After a long silence, she finally whispers, "I couldn't, Mum." Her throat catches the words, like it was trying to stop her from speaking. It doesn't want to.

Her mother once again wraps arms around her and holds her. She feels like a child again, needing her mother to hold her because she scraped a knee. Only she doesn't have a scraped knee, and instead she's mourning the love of her life, who is still alive. "I know, sweetheart."

"Do you, though, Mum?" Rose yanks herself away from her mother's grasp. "Do you really think that you know how it feels? I mean, I know you lost Dad, and that was hard, but this is so different." She ran her fingers through her hair and turned away from her mother. "Because the Doctor is so different, and we never had even a thought of settling down. I was going to travel with him and his TARDIS for the rest of my life. And then everything happens so fast, and I find myself here, and I have to learn to live without him. Just as an extra kicker, I find out I'm having a baby, and I just so happen to get to say goodbye."

Jackie hesitates, perhaps for the first time in her life, to comment.

"And he tells me to my face that he's burning up a sun to say goodbye. He's speeding up the destruction of a star because he wants to talk to me, and do you think he'd really stay there and sit back if I told him that he was going to have a baby he can never ever meet?"

"Oh, Rose." Her mother comes back to her side, but this time didn't try to hug or comfort her. "I think you did the right thing. Cause what's worrying him going to do?"

"Do you think that makes it any better?" Rose gets up from where she'd been sitting, wiping away the tears from her cheeks. "The last thing I did to the love of my life was lie, right to his face, and waste time so he couldn't actually tell me how he felt."

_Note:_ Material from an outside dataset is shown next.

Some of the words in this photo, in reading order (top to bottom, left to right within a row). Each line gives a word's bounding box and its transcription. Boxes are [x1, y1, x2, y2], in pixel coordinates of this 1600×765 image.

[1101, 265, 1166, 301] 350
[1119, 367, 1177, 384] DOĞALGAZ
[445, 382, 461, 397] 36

Rather than wait for her mother to say anything else, she storms towards the door and follows the path of the hallways outside. On the porch, she finds the hammock they'd set up there. She sits down in it, only to find her stomach churning again. She hurries over the railing and vomits into the flowerbed. She's internally thankful that she hadn't eaten because all that comes out is disgusting-tasting water.

Finally settled into the hammock, she lets it gently swing back and forth. At first, she tries to sleep. It never comes, so instead she just lies there. One of her hands goes over her abdomen, and she tries to imagine herself with a baby. She'd spent two years only imagining traveling through the stars, on distant worlds and all throughout history.

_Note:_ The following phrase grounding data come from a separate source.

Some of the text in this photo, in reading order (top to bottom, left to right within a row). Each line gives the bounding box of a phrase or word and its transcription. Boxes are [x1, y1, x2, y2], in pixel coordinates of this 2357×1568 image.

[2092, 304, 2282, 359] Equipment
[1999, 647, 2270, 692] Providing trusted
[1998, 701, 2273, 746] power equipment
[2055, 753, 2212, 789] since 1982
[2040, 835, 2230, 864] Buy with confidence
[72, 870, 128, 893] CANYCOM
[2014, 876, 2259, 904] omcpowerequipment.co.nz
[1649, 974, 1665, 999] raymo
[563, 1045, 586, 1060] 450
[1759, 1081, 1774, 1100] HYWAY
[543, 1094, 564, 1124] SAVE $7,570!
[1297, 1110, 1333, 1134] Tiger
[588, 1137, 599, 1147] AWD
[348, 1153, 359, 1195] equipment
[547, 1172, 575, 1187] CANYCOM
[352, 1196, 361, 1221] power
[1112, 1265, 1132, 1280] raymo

Now her future includes naptime, warming up bottles, and getting her dad to babysit while she does advisory work for Torchwood. Or more than advisory, depending on how the next phase of research works. Her future also includes doctor visits (with a medical professional, not her Doctor) and paying bills.

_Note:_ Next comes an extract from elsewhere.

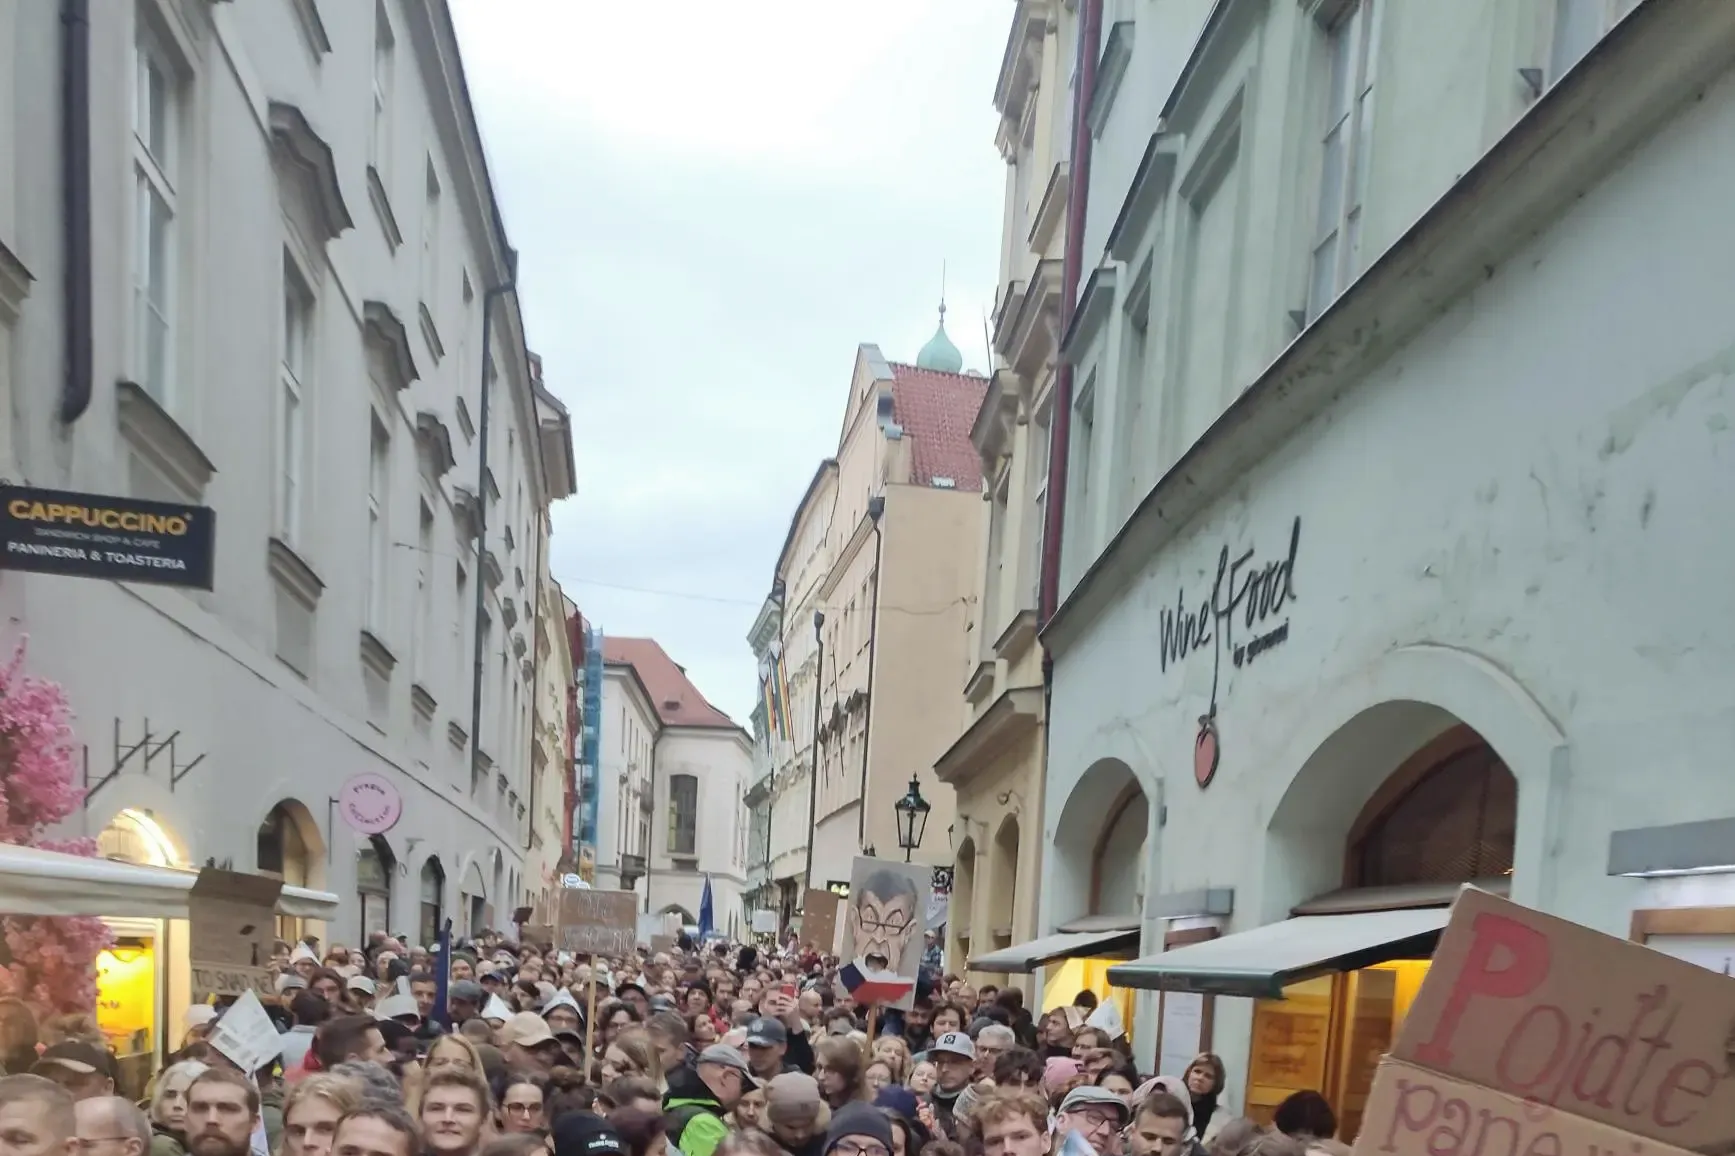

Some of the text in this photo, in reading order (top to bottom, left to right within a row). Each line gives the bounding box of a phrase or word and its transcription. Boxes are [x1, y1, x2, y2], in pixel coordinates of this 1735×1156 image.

"What d'you think?" she asks, quietly, out loud. Then she scoffs at herself. "I'm asking my unborn baby if they want to be born. This is what you do to me, Doctor."

The only answer she gets is the gentle tink-tink of the wind chimes.

"I think that you're enjoying causing problems. Not even born and giving your mother a heart attack." She kicks her foot a few times to get the hammock to swing. "If you're anything like your father, you're not going to stop causing problems ever in your life. You'll get all the brains from him too, and finish your secondary school with good marks."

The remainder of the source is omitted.